Finally some of our natural priorities are coming into focus, namely well-being and survival of humans. Unfortunately, first we have to face new, unknown danger to remember basic facts. Nowadays, everyone in Europe is invoking higher temperatures which should hopefully end the current epidemics (1). Computer models predicting future climate may eventually be useful, but for here and now there are still some lessons we should learn and remember from the past. I would like to add some points to the discussion about humans and climate.
Somehow, the results from Gasparrini et al. (2) are being neglected. The authors investigated over 74 million deaths in the period between 1985 and 2012, of which 7.71% were attributed to non-optimum temperatures. Only 11.1% were attributable to combined extreme cold and hot temperatures (0.86% of the total number). I rearranged the order of countries in the table, from hottest to coldest, and got the next graph.

The following graph shows the ratio of „cold“ to „warm“ death cases.

There are some conclusions that can be made:
1) Higher annual mean temperatures cause less temperature related deaths
2) Three to thirty times more people die from colder weather (temperatures) than average
3) Extreme hot and cold temperatures make a small fraction of the total number and are not situations to be concerned about
China and USA included locations with more heterogenous climate. Even in tropical and subtropical countries (Thailand, Brazil and Taiwan) there are far more deaths from temperatures lower than usual and Canadians are a special sort of people adapted to whatever nature throws at them. There is another medical research paper that agrees well with the global data analysis in the above mentioned research. Almeida et al. (3) analyzed seasonal dynamics of influenza in Brazil for the period 2010-2016 and correlated incidence number with latitude. The authors divided 27 Brazilian states in two groups; states with and without seasonal influenza pattern.

For both data sets there is a simple enough relationship. Influenza incidence in states with seasonal pattern is less than one in hundred thousand inhabitants near equator and over twenty at 30o southern latitude. Similar relationship is valid in the states with non seasonal occurence. One can translate latitudes into temperatures.

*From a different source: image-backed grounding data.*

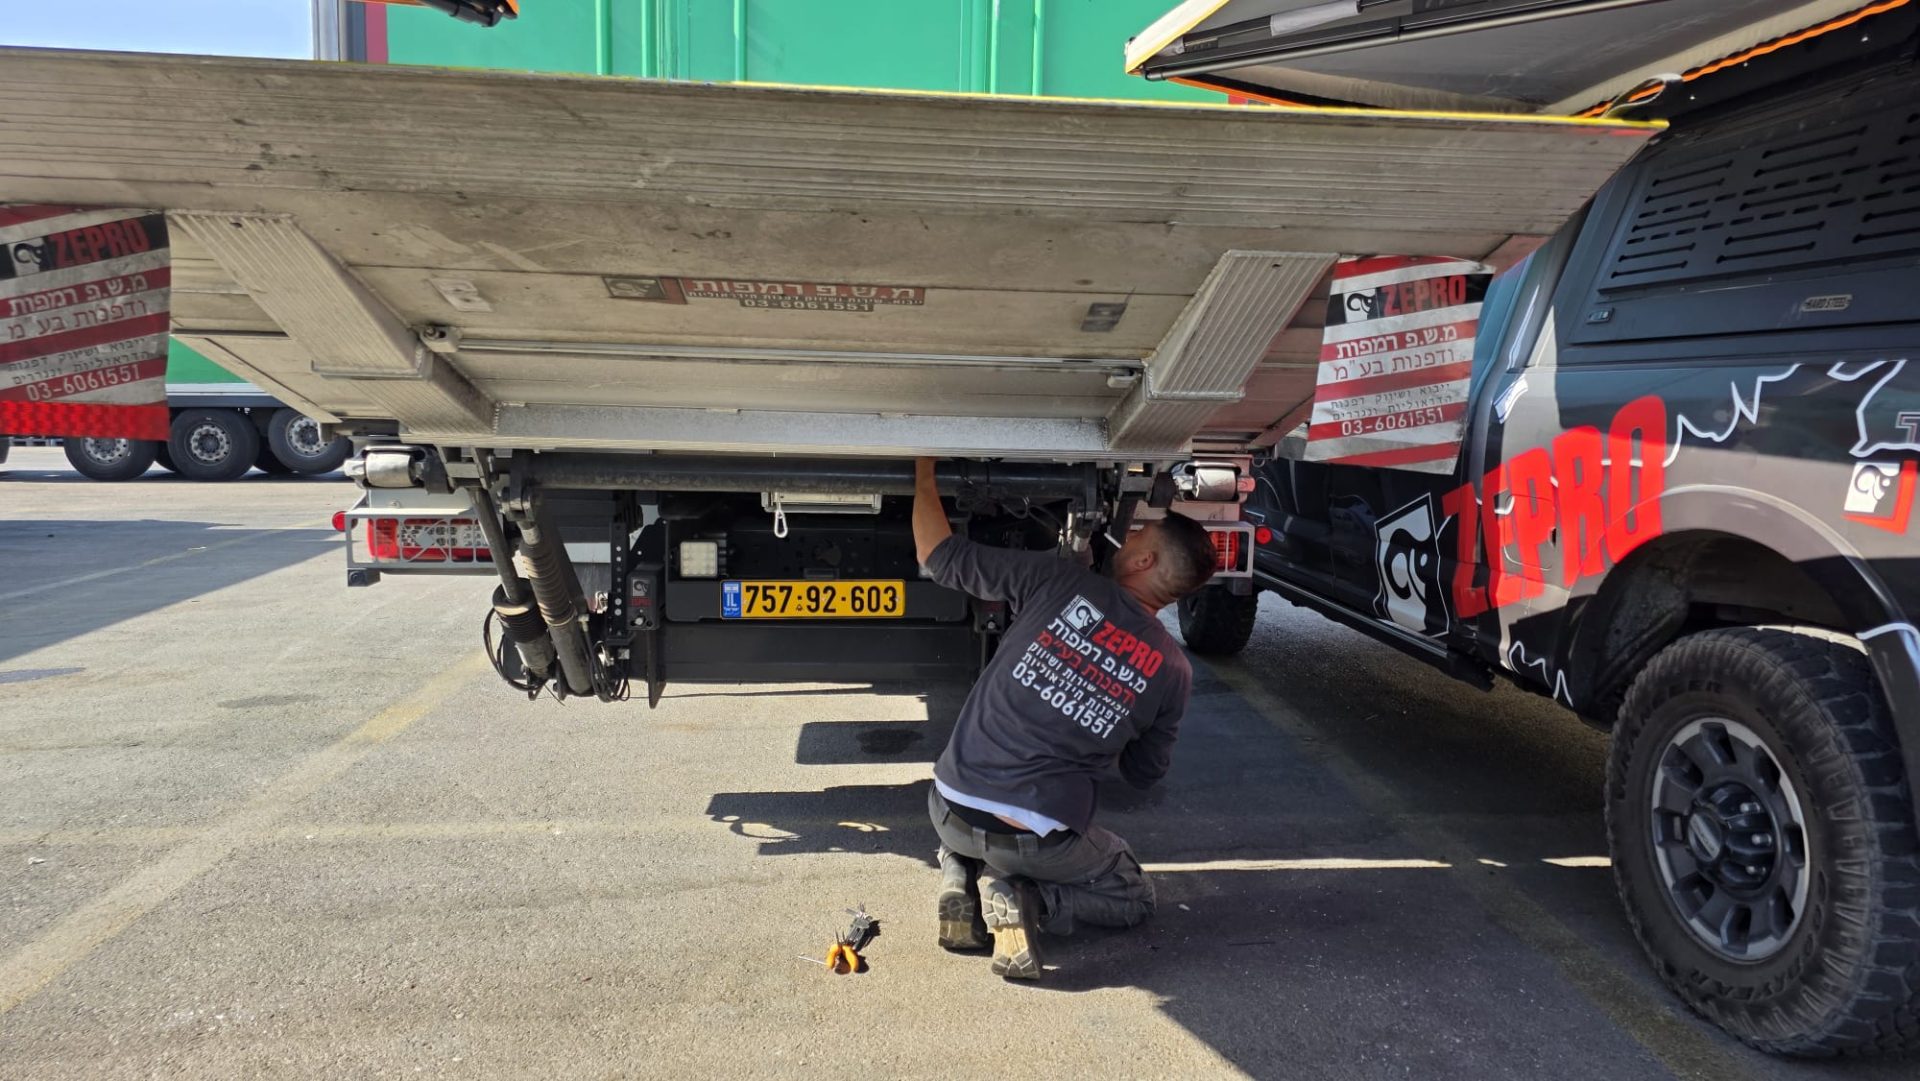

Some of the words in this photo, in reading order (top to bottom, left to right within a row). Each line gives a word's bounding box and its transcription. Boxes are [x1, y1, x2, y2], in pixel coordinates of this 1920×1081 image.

[50, 219, 149, 269] ZEPRO
[84, 274, 148, 299] מ.ש.פ
[692, 280, 804, 296] רמפות
[816, 285, 915, 299] מ.ש.פ
[1381, 275, 1467, 317] ZEPRO
[9, 287, 79, 317] רמפות
[74, 300, 148, 328] ודפנות
[744, 299, 870, 312] 03-6061551
[1336, 335, 1399, 359] רמפות
[1405, 325, 1457, 348] מ.ש.פ
[1392, 348, 1455, 373] ודפנות
[26, 364, 141, 401] 03-6061551
[1341, 407, 1444, 436] 03-6061551
[1442, 395, 1667, 619] ZEPRO
[1047, 617, 1103, 662] רמפות
[1091, 620, 1165, 679] ZEPRO
[1026, 642, 1062, 672] ושיווק
[1021, 652, 1085, 701] הידראוליות
[1062, 666, 1097, 693] שירות
[1101, 655, 1148, 694] מ.ש.פ
[1012, 661, 1115, 739] 03-6061551
[1085, 695, 1121, 724] דפנות

Two simple examples are Boa Vista, a town near equator with annual mean temperature of 27.2 oC, and Porto Alegre which lies exactly on 30 o S with the annual mean value of 19.5 oC.

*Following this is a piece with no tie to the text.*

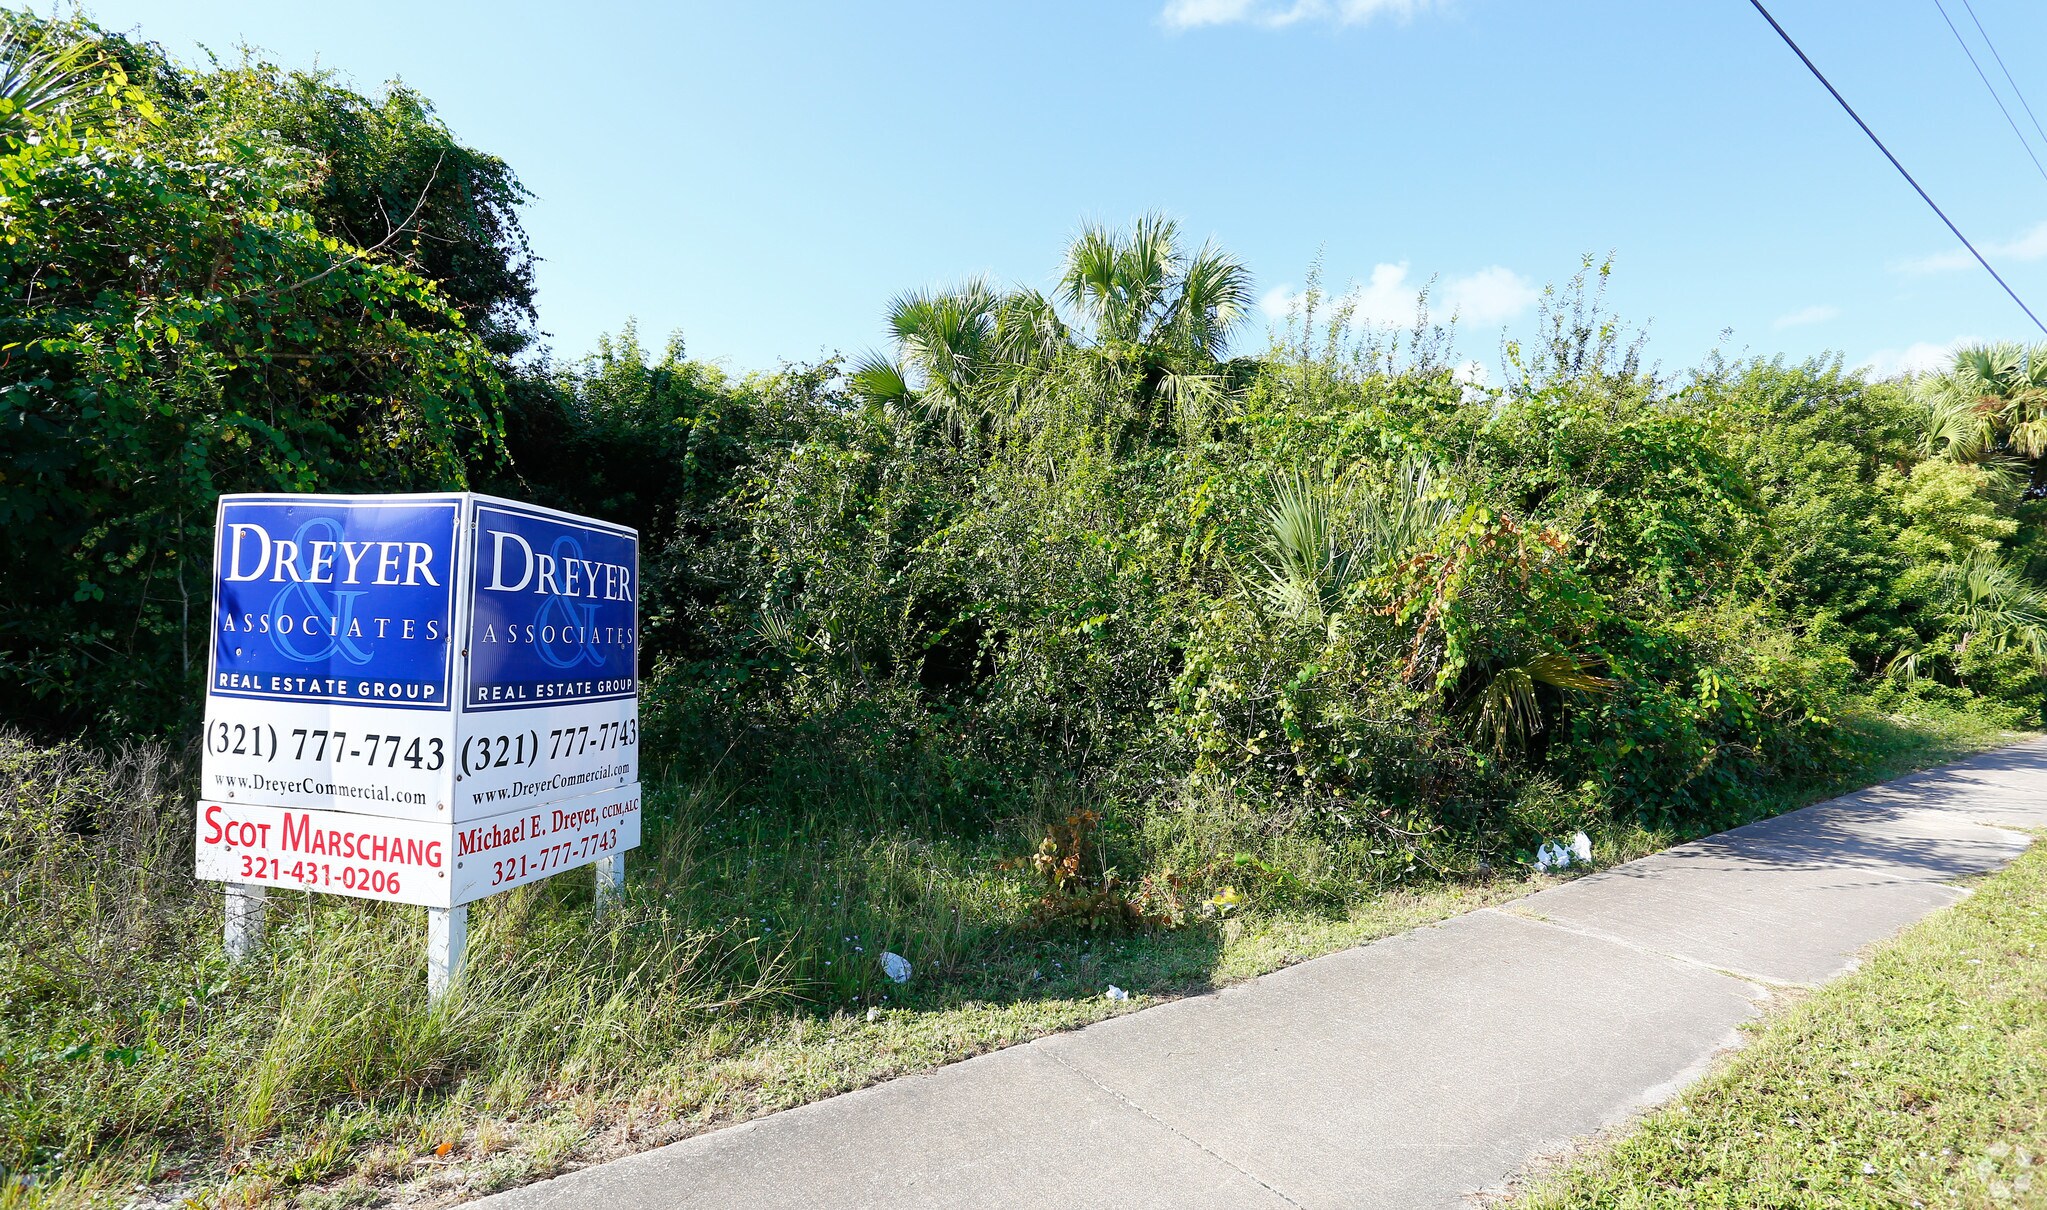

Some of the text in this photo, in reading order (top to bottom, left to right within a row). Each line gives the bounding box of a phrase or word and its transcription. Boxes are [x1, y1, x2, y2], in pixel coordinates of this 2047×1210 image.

The results of both papers show clear negative corelation of mean annual temperature and related number of death cases or influenza incidence. Of course, there are other factors that play role in the above statistics, but still the general rule applies. Less pronounced differences in season temperatures and warmer climate have beneficial effect on humans regarding virus diseases.
There are more theories about the winter virus outbreaks. One of them points to the lack of sunlight hours and related lower levels of vitamin D and melatonin (4) thus compromising human defense mechanism. There is a lesson from the past that we tend to forget. In her research E. Oster (5) studied the relationship between weather conditions and trials for witchcraft and found that up to one million people were executed for crimes of witchcraft between the thirteenth and nineteenth centuries. When compared to mean temperatures, there is clear negative correlation presented in the next graph, meaning that lower temperatures were associated with more trials.

The period presented above is what we call Little Ice Age and was an era of low economic growth, hunger and high mortality rates from hypothermia and lack of food. Someone had to be guilty for all the misfortunes humankind experienced.
Generally, I wanted to show that humans are creatures who (like most of living things) like warm and not cold weather conditions so, if there is some warming, we should be enjoying it and not be afraid of it.
sources:
2) Gasparrini, A. et al.: Mortality risk attributable to high and low ambient temperature: a multicountry observational study, The Lancet, Volume 386, ISSUE 9991, P369-375, July 25, 2015
3) Almeida, A. et al.: Seasonal dynamics of influenza in Brazil: the latitude effect, BMC Infectious Diseases, 2018; 18: 695.
4) http://sitn.hms.harvard.edu/flash/2014/the-reason-for-the-season-why-flu-strikes-in-winter/
5) Oster, Emily. 2004. “Witchcraft, Weather and Economic Growth in Renaissance Europe .” Journal of Economic Perspectives, 18 (1): 215-228.)